A common characteristic of the wide range of solvents available is the rapid fall of transmission towards the short wavelength limits. Care must be taken when working below (say) 250 nm that solvent absorption is not so high that the incremental absorption due to the sample is small compared to total absorption. The problem is exacerbated in the presence of stray light, but it may be noted here that the effects are reduced at lower absorbance levels.

9. Sources of error

There has been an increase in laboratory requirements to conform with Good Laboratory Practice (GLP) techniques. These require that results obtained can be traced back to an instrument and that the instrument can be proved to be working correctly, for validation purposes. Instrument performance criteria for spectrophotometers have been defined by the Pharmacopoeia as being spectral bandwidth, stray light, absorbance accuracy and wavelength accuracy, and it is therefore important to check these potential sources of error periodically. Modern instruments in the mid to upper price bracket often have GLP self diagnostic tests as part of the calibration procedure, accompanied by a print out of these results.

Instrument related sources of error

Spectral bandwidth and slit width

The resolution of a spectrophotometer - the minimum separation between narrow absorption bands that can be observed

  • is usually limited by the spectral purity and intensity of the monochromator light output and the detector sensitivity at that wavelength.

In some (older) instruments the control of the energy level reaching the detector is achieved by adjusting the aperture of the slit at the monochromator exit. As the exit slit defines the spectral bandwidth (the range of wavelength, Fig. 26) at the detector, it is important to realise that both photometric accuracy and wavelength accuracy may be affected. In general, narrower slit widths will reduce error providing the overall energy level remains adequate and electronic noise levels are not significant. Most instruments using diffraction gratings take advantage of the linear dispersion and provide fixed slit widths to give known and controlled bandwidth at the exit slit of the monochromator. More than one slit width may be available to give the user a means of trading energy against spectral sensitivity. Fig.26 Spectral bandwidth.

The total energy at the exit slit of a monochromator at wavelength λ may be assumed to have a triangular function as shown in Fig. 26. The spectral bandwidth for a given slit width is the band of wavelength that corresponds to the half- peak intensity. A well defined absorption peak for a specific compound has a similar triangular function and can be assigned a natural bandwidth (assuming infinite resolution), at half-peak height, similar to the definition of spectral bandwidth.

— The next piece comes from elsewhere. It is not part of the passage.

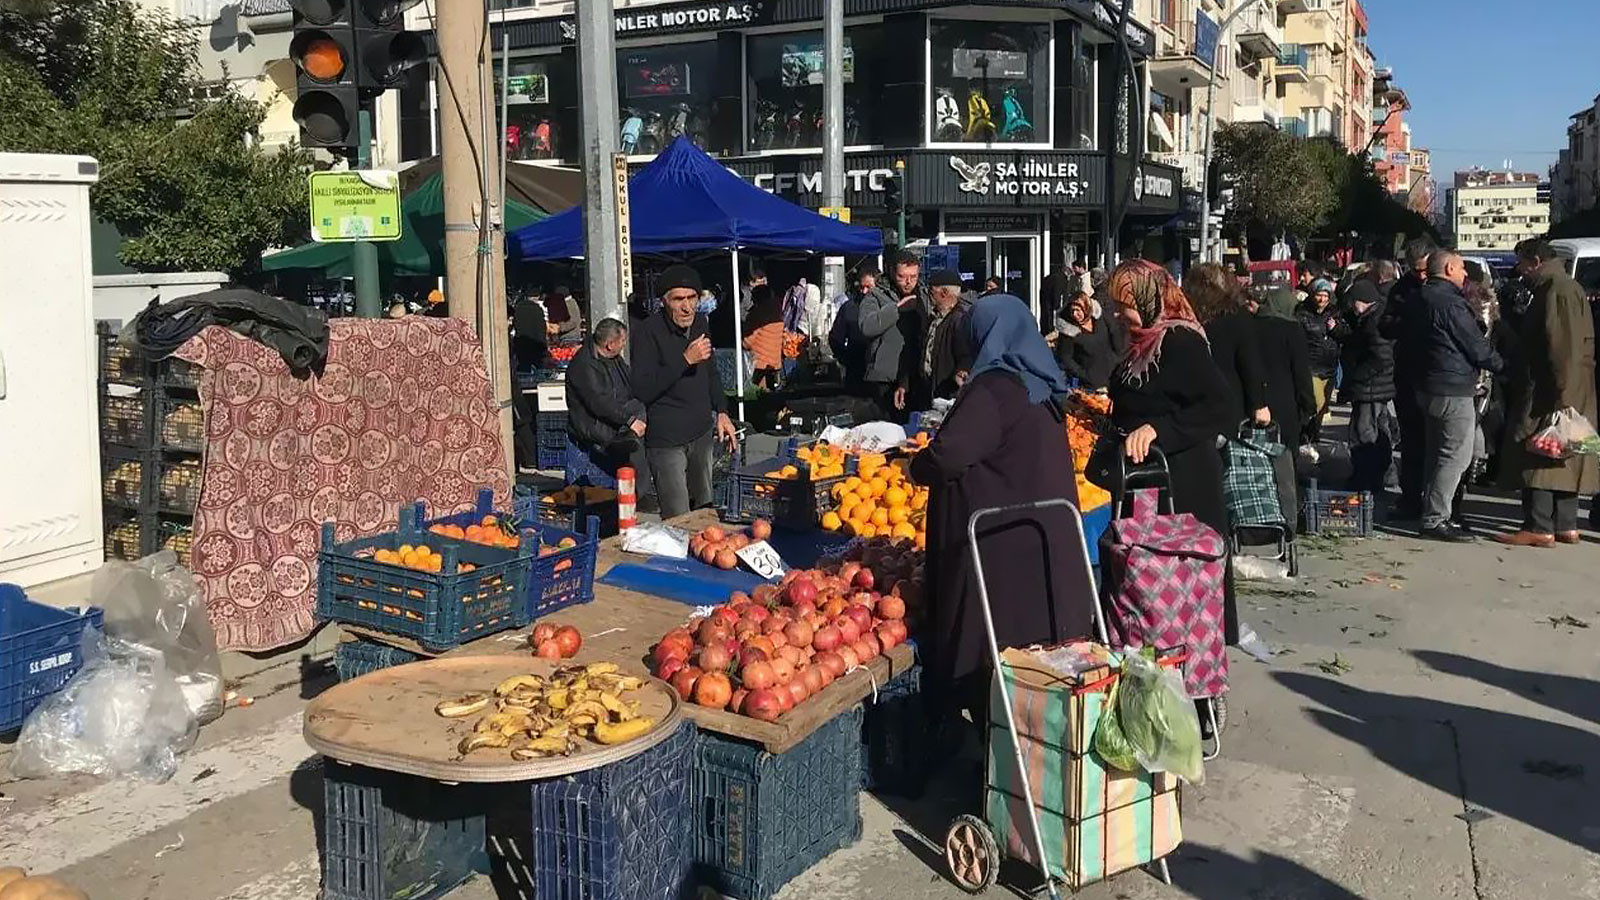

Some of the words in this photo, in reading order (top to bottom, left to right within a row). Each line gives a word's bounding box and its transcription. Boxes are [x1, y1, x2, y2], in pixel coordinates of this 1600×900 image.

The ratio of spectral bandwidth to natural bandwidth is a determining factor in absorption measurement. As the ratio of the spectral bandwidth to natural bandwidth increases, the deviation of observed absorbance from true absorbance will be greater. The natural bandwidth of most commonly encountered compounds in UV/Vis work, particularly bio- molecules in the Life Sciences, lie within the range 5 - 50 nm. Thus a spectrophotometer with a fixed bandwidth of 2 - 6 nm is ideal for bio-molecule measurement, since there is no spectral fine detail. A narrower bandwidth is required for measurements involving rare earth and transition metal complexes and conjugated organic species, where critical fine detail may be present.

A diagrammatic representation of an absorbing species measured at progressively increasing spectral bandwidths is shown in Fig. 27. As bandwidth increases beyond a certain value separation of the two bands is less well defined, the apparent absorbance at the maxima decreases and the observed bandwidth of the peaks increases.

Fig. 27 Typical absorption peaks plotted at varying spectral bandwidths.

Fig. 28 Effect of slit width on observed absorbance at λ max.